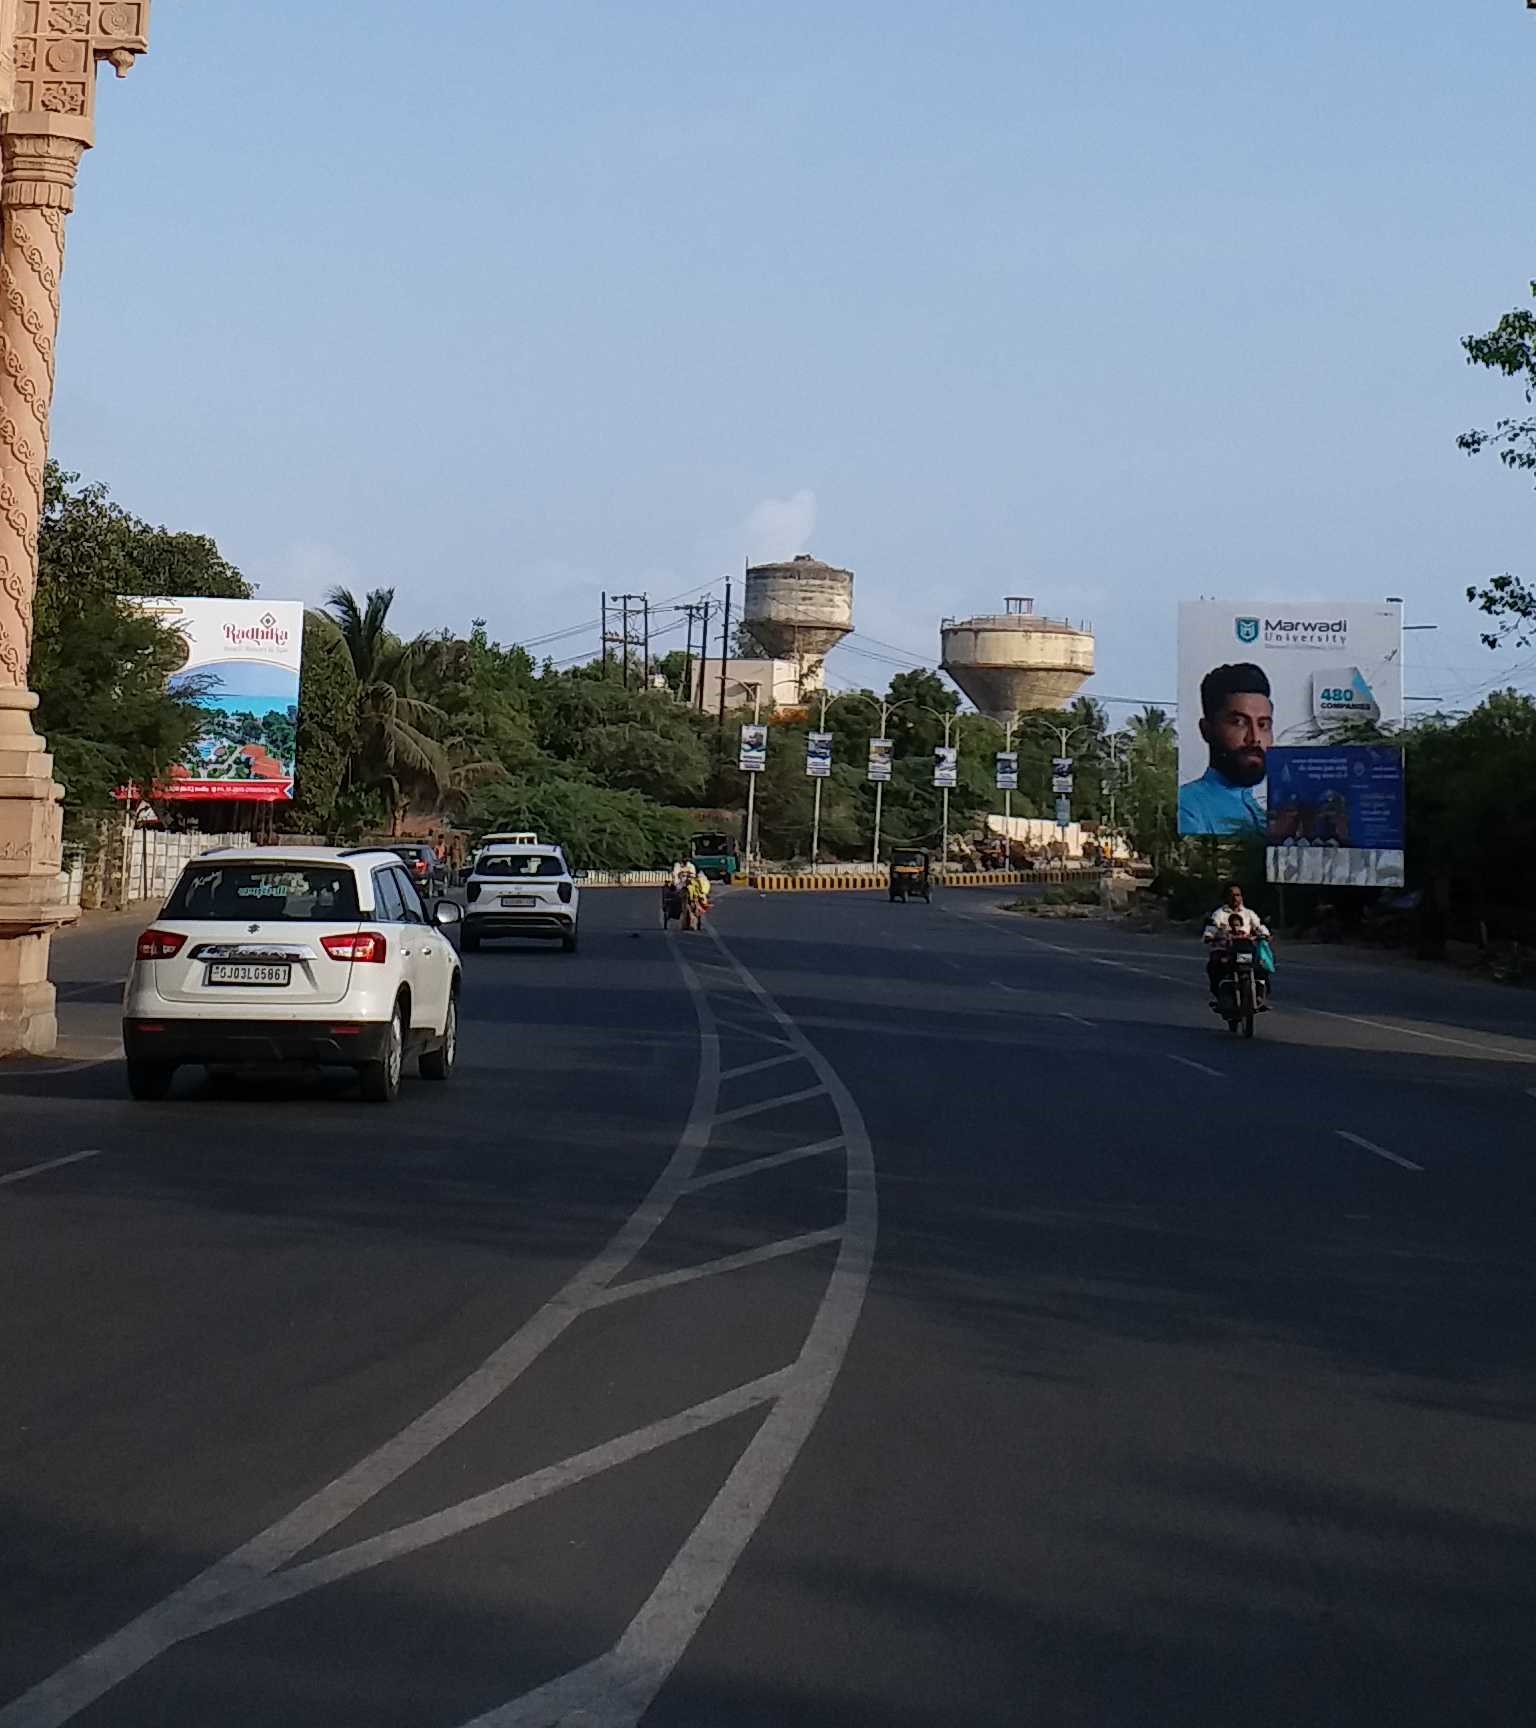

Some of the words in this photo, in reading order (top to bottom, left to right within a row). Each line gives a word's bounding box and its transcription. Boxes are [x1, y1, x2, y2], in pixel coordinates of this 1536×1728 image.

[1265, 619, 1347, 632] Marwadi
[223, 623, 288, 646] Radhika
[1265, 632, 1346, 644] University
[1321, 688, 1353, 701] 480
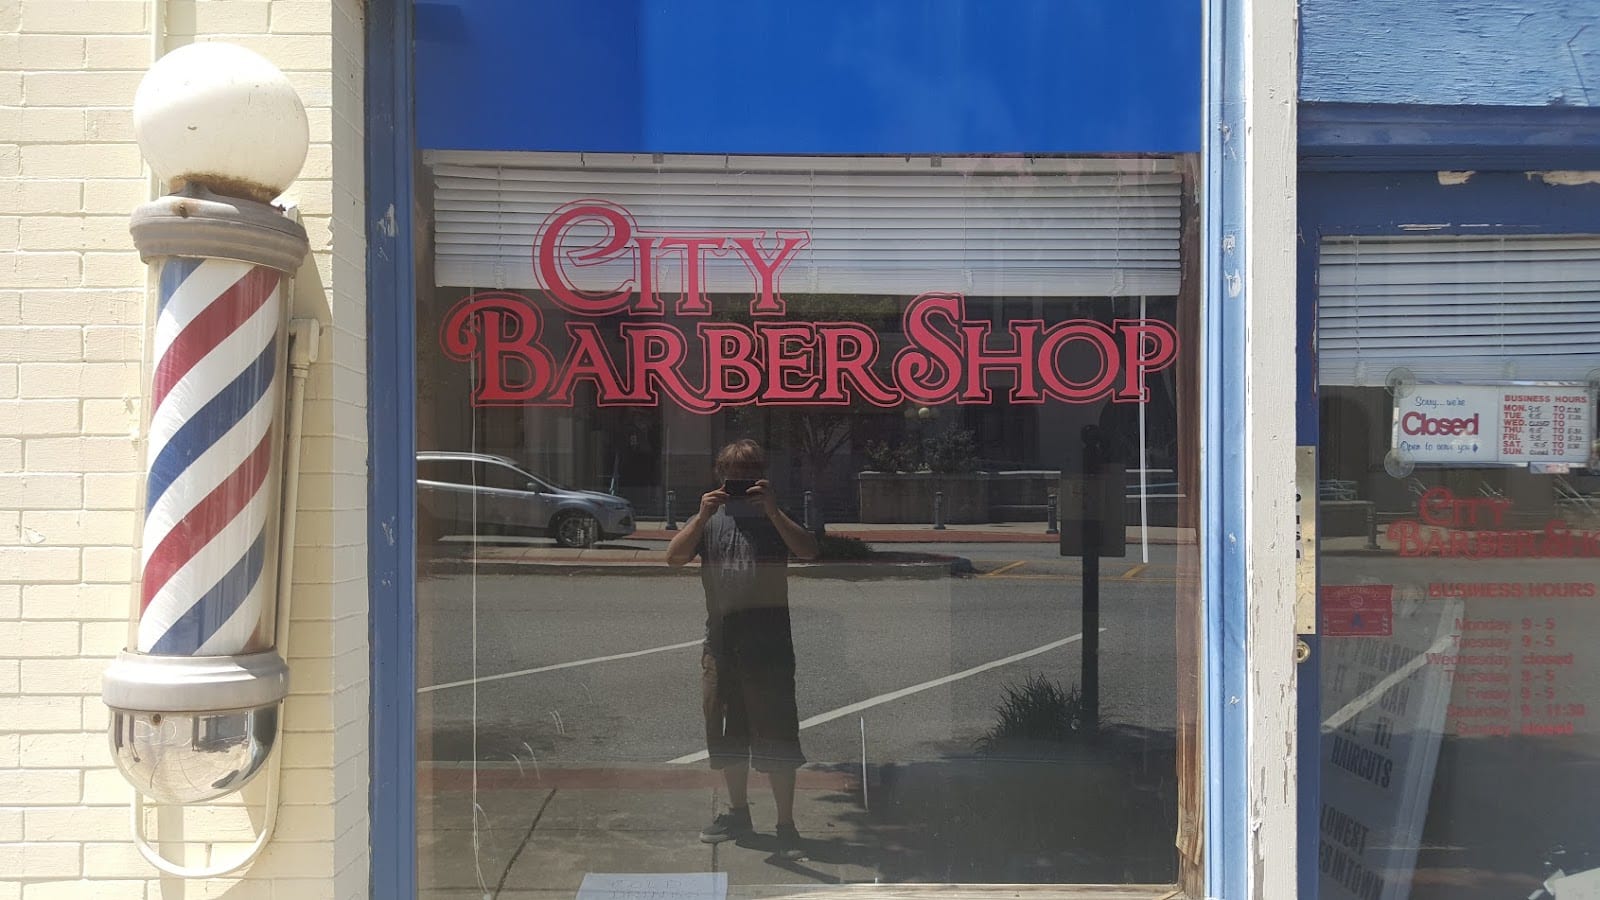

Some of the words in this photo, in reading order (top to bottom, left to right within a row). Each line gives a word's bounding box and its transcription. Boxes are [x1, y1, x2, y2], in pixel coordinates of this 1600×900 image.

[533, 198, 810, 315] CITY
[440, 291, 902, 413] BARBER
[894, 291, 1181, 406] SHOP
[1503, 394, 1551, 403] BUSINESS
[1555, 395, 1588, 404] HOURS
[1503, 404, 1527, 412] MON.
[1402, 411, 1480, 436] Closed
[1400, 440, 1421, 452] Open
[1425, 442, 1433, 451] to
[1503, 440, 1524, 448] SAT.
[1387, 519, 1541, 561] BARBER
[1428, 581, 1524, 598] BUSINESS
[1529, 581, 1596, 597] HOURS
[1521, 617, 1533, 630] 9
[1545, 617, 1556, 630] 5
[1521, 634, 1533, 648] 9
[1545, 634, 1556, 648] 5
[1521, 651, 1575, 665] closed
[1521, 669, 1533, 682] 9
[1545, 669, 1556, 682] 5
[1521, 687, 1533, 700] 9
[1545, 687, 1556, 700] 5
[1331, 735, 1393, 789] HAIRCUTS
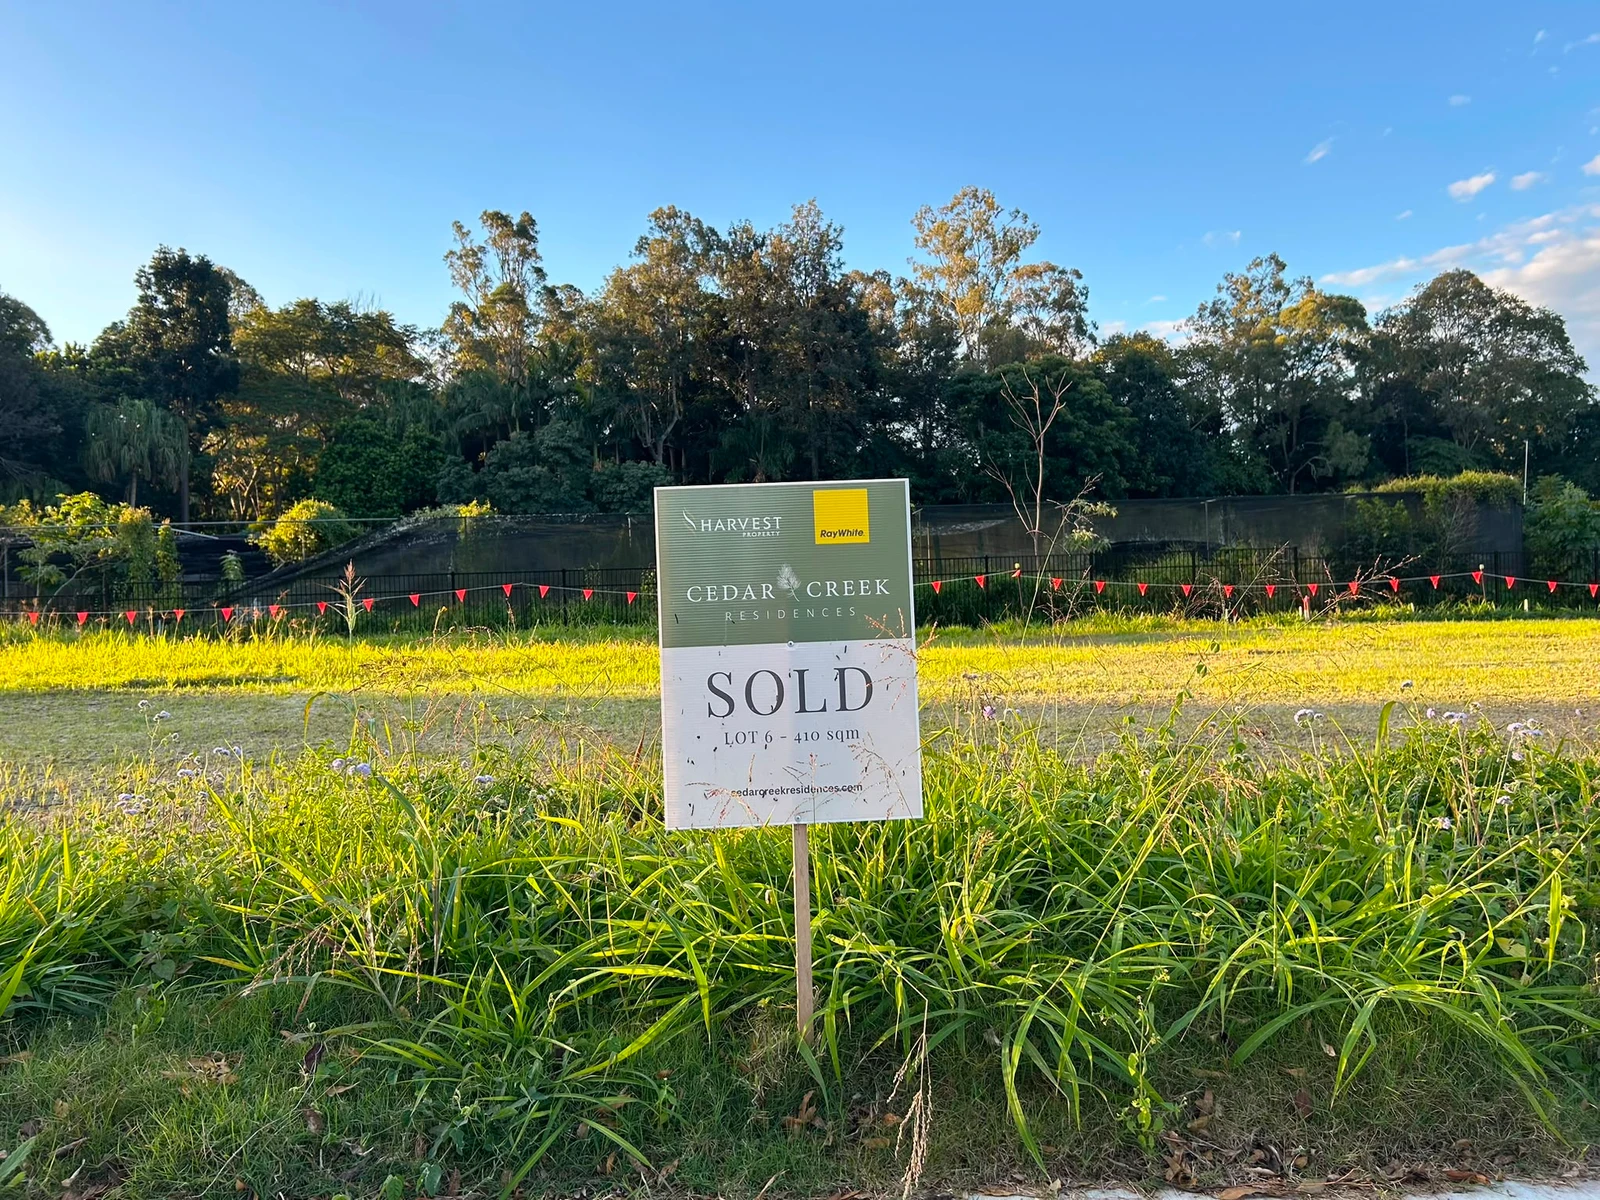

● WHAT IS REQUIRED: Where the line containing "this 1600×900 image." appears in the data above, begin there and output every line through the last, exactly and without pictures.

● EXERCISE OUTPUT:
Some of the words in this photo, in reading order (top to bottom, left to right within a row). Each line gives a word's bounding box and its transcription. Boxes are [x1, y1, x2, y2], in pixel coordinates of this 1600×900 image.

[533, 198, 810, 315] CITY
[440, 291, 902, 413] BARBER
[894, 291, 1181, 406] SHOP
[1503, 394, 1551, 403] BUSINESS
[1555, 395, 1588, 404] HOURS
[1503, 404, 1527, 412] MON.
[1402, 411, 1480, 436] Closed
[1400, 440, 1421, 452] Open
[1425, 442, 1433, 451] to
[1503, 440, 1524, 448] SAT.
[1387, 519, 1541, 561] BARBER
[1428, 581, 1524, 598] BUSINESS
[1529, 581, 1596, 597] HOURS
[1521, 617, 1533, 630] 9
[1545, 617, 1556, 630] 5
[1521, 634, 1533, 648] 9
[1545, 634, 1556, 648] 5
[1521, 651, 1575, 665] closed
[1521, 669, 1533, 682] 9
[1545, 669, 1556, 682] 5
[1521, 687, 1533, 700] 9
[1545, 687, 1556, 700] 5
[1331, 735, 1393, 789] HAIRCUTS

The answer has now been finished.